### [Your objective]
All of the entries below should be returned verbatim, apart from the pictures.

=== Data extract ===

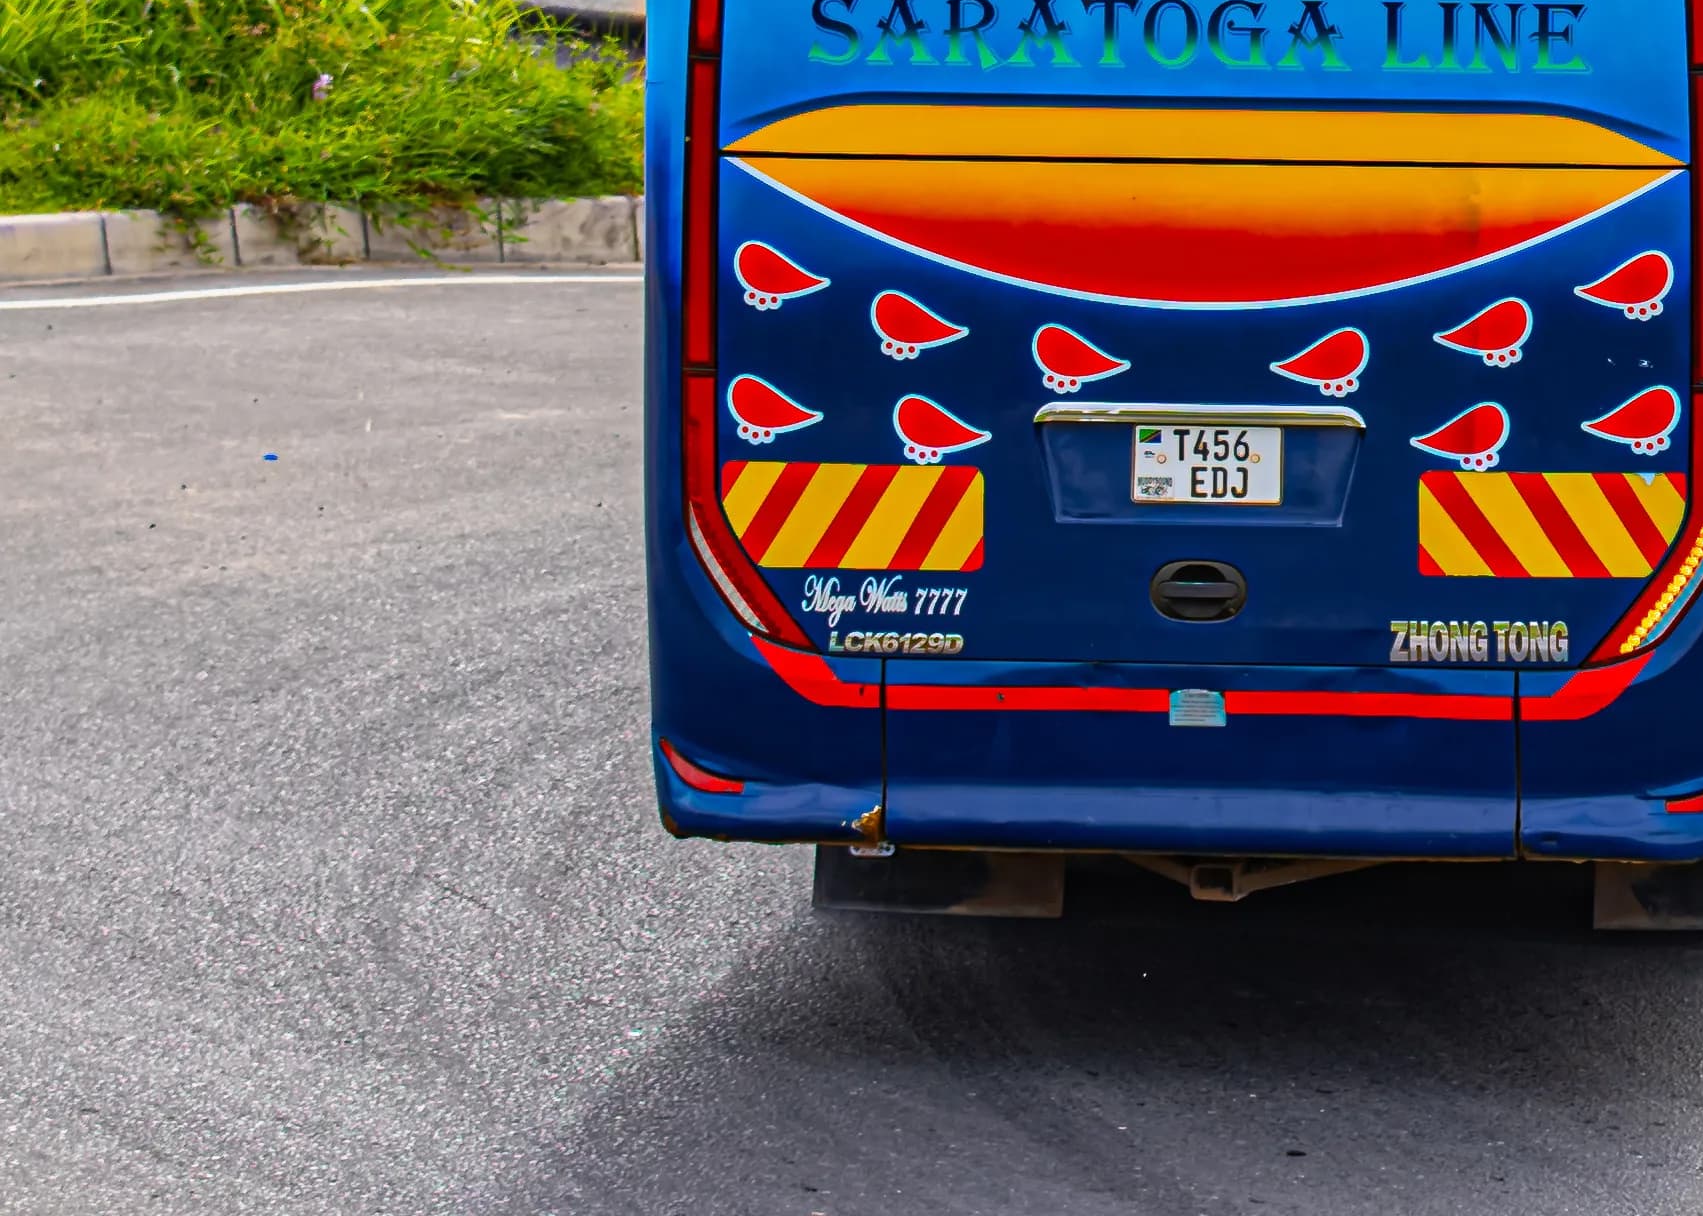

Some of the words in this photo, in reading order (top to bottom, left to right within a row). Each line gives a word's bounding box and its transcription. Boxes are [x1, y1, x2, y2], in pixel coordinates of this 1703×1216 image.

[1380, 0, 1593, 74] LINE
[1173, 428, 1250, 462] T456
[1190, 466, 1249, 499] EDJ
[801, 574, 857, 628] Mega
[859, 575, 908, 615] Watts
[914, 587, 968, 616] 7777
[828, 630, 964, 655] LCK6129D
[1389, 620, 1489, 663] ZHONG
[1492, 620, 1569, 663] TONG

===

### [Output of the task]
Some of the words in this photo, in reading order (top to bottom, left to right within a row). Each line gives a word's bounding box and its transcription. Boxes are [x1, y1, x2, y2], in pixel coordinates of this 1703×1216 image.

[1380, 0, 1593, 74] LINE
[1173, 428, 1250, 462] T456
[1190, 466, 1249, 499] EDJ
[801, 574, 857, 628] Mega
[859, 575, 908, 615] Watts
[914, 587, 968, 616] 7777
[828, 630, 964, 655] LCK6129D
[1389, 620, 1489, 663] ZHONG
[1492, 620, 1569, 663] TONG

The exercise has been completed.